When I re-read the piece, it seems satisfactory. But it does need to be supplemented.
My basic point in that essay was that people do not continue to do things if they find no reward in doing them. So if people keep “doing religion,” they must be getting some kind of reward.
Philosophically, that is pure utilitarianism, and it is not enough to describe how we human beings behave. There are many examples of people who keep doing things that are very costly to themselves. A philosopher could say “Well, yes, but they must be getting some reward out of it when they do it.” But that does not take into account how the people themselves would tell the story of what they are doing.
Even more importantly, the philosopher’s statement does not take into account the example that Jesus used: “There is no greater love than to lay down your life for your friends.” It is hard to see how my giving up my life is going to result in a reward for me.

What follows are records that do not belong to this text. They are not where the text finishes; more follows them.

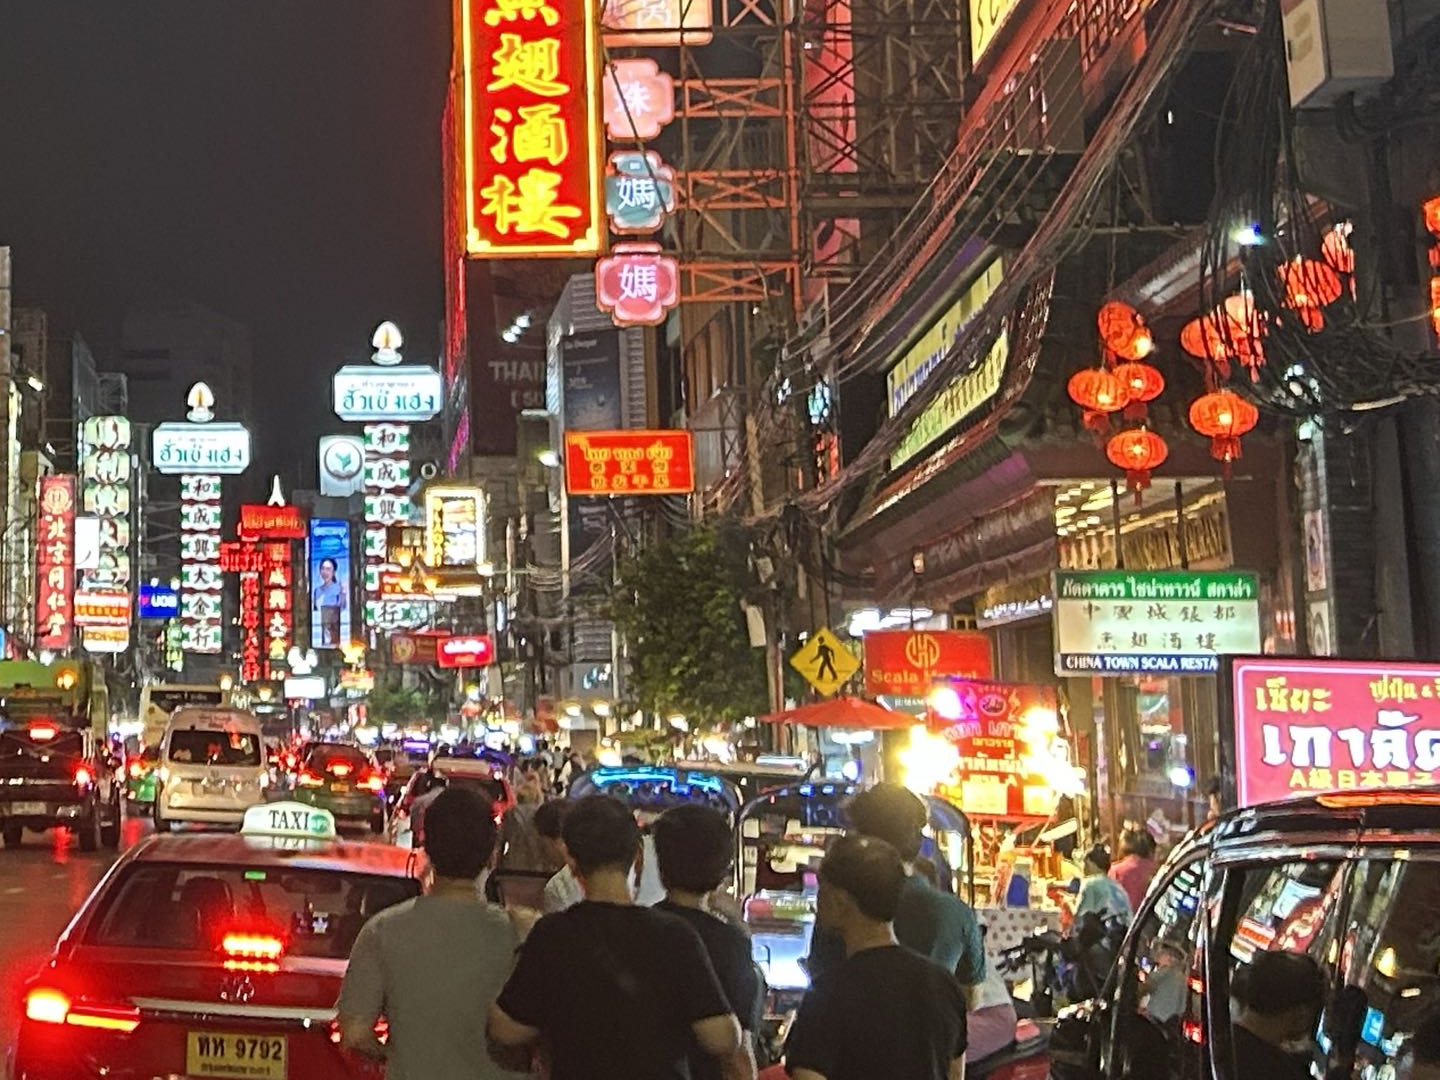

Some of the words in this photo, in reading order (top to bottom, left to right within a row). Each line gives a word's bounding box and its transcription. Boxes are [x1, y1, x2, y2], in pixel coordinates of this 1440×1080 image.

[376, 427, 399, 624] 和成興行
[1066, 656, 1102, 670] CHINA
[1103, 656, 1140, 670] TOWN
[1141, 656, 1179, 670] SCALA
[871, 670, 919, 684] Scala
[268, 809, 310, 831] TAXI

The purist will say “But the giver experiences a reward in the few moments before he or she gives up life for someone else,” but I don’t think that is what is going on. People who give up their lives for others are acting in the moment, without thinking, and especially without thinking of themselves or their reward. I suspect that if there is any story line going through their heads, it is, “God will take care of me. I need to do what this other person needs, even if I lose my life doing it.”
In other words, in such life and death situations, religion is deadly serious, literally. It is definitely not “fun.” It is love, pure and simple. I think of the statement in the Song of Songs: “For Love is strong as Death, . . . Its arrows are arrows of fire, flames of the divine.” (8:6)
Religion is not only fun, but it is also deadly serious. It tells stories about ultimate issues, and those stories help us to go on living, and even to quit going on living because we love someone else.
I recently read a book by two priests, Michael White and Tom Corcoran, who argued that the biggest failure of the Catholic Church, and probably of other Christian churches, is that we have come to see parishioners as consumers rather than as fellow disciples of Jesus. Consumers act on the basis of rewards, on the basis of what is “fun.” Disciples make their story the story of Jesus.
People need more than fun. They need love, and love is even stronger than fun.